All that is wanted is an exact copy of the line containing "this 1000×1500 image." and the lines after it, through the end of the records.

** Given records follows **

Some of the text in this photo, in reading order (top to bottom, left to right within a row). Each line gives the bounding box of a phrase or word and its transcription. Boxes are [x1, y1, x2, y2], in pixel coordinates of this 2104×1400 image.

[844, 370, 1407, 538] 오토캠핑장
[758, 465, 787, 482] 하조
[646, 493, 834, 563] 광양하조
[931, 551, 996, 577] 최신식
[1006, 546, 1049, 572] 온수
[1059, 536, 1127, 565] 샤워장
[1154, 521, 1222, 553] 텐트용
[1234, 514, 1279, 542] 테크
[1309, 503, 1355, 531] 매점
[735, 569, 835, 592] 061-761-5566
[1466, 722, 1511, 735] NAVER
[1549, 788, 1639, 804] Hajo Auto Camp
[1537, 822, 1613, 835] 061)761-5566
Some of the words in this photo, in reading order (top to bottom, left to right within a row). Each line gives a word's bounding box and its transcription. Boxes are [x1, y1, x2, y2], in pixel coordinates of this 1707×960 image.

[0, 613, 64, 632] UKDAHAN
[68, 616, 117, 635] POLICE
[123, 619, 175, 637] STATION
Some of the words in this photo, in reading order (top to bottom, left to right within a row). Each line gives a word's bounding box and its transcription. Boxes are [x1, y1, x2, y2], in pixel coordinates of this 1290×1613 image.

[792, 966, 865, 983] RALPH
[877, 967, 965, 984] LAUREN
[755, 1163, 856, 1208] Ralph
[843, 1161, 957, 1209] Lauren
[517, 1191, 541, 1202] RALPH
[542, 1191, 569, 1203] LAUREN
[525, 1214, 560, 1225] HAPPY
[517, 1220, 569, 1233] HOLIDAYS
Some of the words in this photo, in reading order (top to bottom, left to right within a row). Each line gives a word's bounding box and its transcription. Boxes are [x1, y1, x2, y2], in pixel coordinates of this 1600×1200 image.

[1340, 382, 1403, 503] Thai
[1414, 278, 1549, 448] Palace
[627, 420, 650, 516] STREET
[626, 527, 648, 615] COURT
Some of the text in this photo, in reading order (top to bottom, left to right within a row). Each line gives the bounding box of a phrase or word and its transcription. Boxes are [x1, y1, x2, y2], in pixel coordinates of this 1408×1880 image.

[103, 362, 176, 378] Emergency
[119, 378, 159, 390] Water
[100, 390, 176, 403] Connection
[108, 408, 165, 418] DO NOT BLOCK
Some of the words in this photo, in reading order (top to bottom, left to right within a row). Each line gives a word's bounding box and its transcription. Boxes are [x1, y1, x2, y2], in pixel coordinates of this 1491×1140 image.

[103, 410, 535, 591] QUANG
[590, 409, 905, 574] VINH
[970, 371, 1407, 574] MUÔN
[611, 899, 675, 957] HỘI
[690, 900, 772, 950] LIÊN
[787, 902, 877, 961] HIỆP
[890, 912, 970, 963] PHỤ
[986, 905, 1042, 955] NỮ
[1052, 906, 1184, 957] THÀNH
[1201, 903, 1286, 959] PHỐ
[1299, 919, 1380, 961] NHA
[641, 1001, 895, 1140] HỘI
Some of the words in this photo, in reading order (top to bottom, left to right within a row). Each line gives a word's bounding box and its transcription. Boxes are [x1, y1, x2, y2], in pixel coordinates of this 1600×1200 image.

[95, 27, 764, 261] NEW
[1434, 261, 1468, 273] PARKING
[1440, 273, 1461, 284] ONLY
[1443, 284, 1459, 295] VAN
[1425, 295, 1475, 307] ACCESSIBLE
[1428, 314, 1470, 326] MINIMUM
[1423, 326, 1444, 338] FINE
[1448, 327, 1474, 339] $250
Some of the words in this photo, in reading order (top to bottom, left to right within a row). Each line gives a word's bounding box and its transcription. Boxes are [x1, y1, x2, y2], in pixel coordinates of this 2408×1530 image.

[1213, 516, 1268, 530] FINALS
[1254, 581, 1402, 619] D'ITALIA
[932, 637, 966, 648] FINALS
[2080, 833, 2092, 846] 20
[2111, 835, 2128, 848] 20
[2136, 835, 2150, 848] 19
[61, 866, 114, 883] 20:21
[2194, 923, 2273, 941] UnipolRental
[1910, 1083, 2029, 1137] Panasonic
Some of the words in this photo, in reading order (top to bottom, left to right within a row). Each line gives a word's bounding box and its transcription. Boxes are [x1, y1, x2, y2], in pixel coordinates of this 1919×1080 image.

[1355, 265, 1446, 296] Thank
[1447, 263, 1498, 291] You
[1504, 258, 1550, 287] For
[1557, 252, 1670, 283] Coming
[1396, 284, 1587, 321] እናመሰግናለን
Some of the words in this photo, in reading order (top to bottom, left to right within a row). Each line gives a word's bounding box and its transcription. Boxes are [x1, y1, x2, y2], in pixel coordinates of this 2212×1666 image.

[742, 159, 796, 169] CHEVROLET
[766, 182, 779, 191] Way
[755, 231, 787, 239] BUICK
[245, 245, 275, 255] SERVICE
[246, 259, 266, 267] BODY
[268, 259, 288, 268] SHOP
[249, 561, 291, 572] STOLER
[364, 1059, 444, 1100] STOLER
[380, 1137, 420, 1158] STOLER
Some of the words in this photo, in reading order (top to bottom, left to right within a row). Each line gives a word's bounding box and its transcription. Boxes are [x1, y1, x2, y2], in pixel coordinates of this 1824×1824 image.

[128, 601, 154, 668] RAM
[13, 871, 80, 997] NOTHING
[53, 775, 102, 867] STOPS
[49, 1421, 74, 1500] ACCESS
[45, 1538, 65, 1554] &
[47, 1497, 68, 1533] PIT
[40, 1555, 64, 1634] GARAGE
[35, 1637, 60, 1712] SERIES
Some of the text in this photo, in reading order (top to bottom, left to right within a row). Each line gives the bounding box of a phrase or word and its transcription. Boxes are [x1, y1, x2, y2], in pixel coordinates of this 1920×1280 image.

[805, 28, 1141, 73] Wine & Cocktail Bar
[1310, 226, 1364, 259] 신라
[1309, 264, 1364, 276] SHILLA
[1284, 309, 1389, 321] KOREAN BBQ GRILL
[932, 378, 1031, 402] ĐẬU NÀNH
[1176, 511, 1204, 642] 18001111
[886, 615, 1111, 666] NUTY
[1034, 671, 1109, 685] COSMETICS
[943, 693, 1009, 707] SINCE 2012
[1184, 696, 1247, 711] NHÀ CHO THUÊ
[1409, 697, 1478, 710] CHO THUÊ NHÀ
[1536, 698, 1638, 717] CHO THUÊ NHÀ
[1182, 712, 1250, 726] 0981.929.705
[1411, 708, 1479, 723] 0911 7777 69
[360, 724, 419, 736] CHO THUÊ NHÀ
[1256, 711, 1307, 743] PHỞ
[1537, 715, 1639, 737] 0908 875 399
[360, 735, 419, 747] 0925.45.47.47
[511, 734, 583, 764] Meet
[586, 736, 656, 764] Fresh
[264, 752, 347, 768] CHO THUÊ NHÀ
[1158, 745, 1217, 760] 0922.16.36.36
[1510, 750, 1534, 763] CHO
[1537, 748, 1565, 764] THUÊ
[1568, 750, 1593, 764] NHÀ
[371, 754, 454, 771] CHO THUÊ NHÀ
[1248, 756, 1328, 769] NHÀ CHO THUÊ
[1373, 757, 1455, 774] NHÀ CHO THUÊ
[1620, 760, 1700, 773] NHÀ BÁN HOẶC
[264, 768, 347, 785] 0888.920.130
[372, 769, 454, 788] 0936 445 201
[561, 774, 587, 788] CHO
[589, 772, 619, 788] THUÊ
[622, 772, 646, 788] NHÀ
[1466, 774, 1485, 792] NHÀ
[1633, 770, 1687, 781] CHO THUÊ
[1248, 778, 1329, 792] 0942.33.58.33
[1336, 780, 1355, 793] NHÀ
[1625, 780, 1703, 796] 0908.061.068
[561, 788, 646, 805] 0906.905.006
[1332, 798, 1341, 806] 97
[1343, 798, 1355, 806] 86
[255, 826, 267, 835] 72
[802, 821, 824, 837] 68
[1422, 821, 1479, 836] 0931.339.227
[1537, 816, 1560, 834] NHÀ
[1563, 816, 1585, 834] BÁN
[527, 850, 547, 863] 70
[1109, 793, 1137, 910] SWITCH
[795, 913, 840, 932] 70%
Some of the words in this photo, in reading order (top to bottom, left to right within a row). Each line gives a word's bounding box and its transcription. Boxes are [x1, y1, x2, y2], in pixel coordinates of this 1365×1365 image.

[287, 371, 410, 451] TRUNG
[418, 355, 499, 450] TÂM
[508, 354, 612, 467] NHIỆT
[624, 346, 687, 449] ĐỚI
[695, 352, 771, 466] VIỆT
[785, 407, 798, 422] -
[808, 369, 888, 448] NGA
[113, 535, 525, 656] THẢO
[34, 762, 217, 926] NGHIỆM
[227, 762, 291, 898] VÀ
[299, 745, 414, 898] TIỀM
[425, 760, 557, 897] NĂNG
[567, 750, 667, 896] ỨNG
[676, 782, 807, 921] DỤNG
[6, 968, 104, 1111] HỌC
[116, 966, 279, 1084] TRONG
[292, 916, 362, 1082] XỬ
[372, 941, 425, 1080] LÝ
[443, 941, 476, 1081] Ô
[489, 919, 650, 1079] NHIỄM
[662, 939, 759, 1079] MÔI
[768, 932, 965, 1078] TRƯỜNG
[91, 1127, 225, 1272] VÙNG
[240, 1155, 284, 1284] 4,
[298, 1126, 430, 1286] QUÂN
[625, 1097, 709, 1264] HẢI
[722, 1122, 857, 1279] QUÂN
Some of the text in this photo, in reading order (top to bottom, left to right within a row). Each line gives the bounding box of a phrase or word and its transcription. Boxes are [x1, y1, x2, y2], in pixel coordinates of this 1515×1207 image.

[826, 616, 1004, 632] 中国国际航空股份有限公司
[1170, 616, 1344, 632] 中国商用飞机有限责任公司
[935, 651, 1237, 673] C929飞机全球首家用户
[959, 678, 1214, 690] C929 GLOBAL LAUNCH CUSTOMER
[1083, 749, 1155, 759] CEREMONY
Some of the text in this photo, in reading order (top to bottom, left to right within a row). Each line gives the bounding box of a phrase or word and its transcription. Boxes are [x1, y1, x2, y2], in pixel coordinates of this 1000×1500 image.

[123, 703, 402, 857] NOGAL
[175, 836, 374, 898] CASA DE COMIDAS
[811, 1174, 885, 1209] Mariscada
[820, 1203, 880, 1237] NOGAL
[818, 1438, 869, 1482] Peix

** End of Given records **

** Answer to this exercise **
Some of the text in this photo, in reading order (top to bottom, left to right within a row). Each line gives the bounding box of a phrase or word and its transcription. Boxes are [x1, y1, x2, y2], in pixel coordinates of this 1000×1500 image.

[123, 703, 402, 857] NOGAL
[175, 836, 374, 898] CASA DE COMIDAS
[811, 1174, 885, 1209] Mariscada
[820, 1203, 880, 1237] NOGAL
[818, 1438, 869, 1482] Peix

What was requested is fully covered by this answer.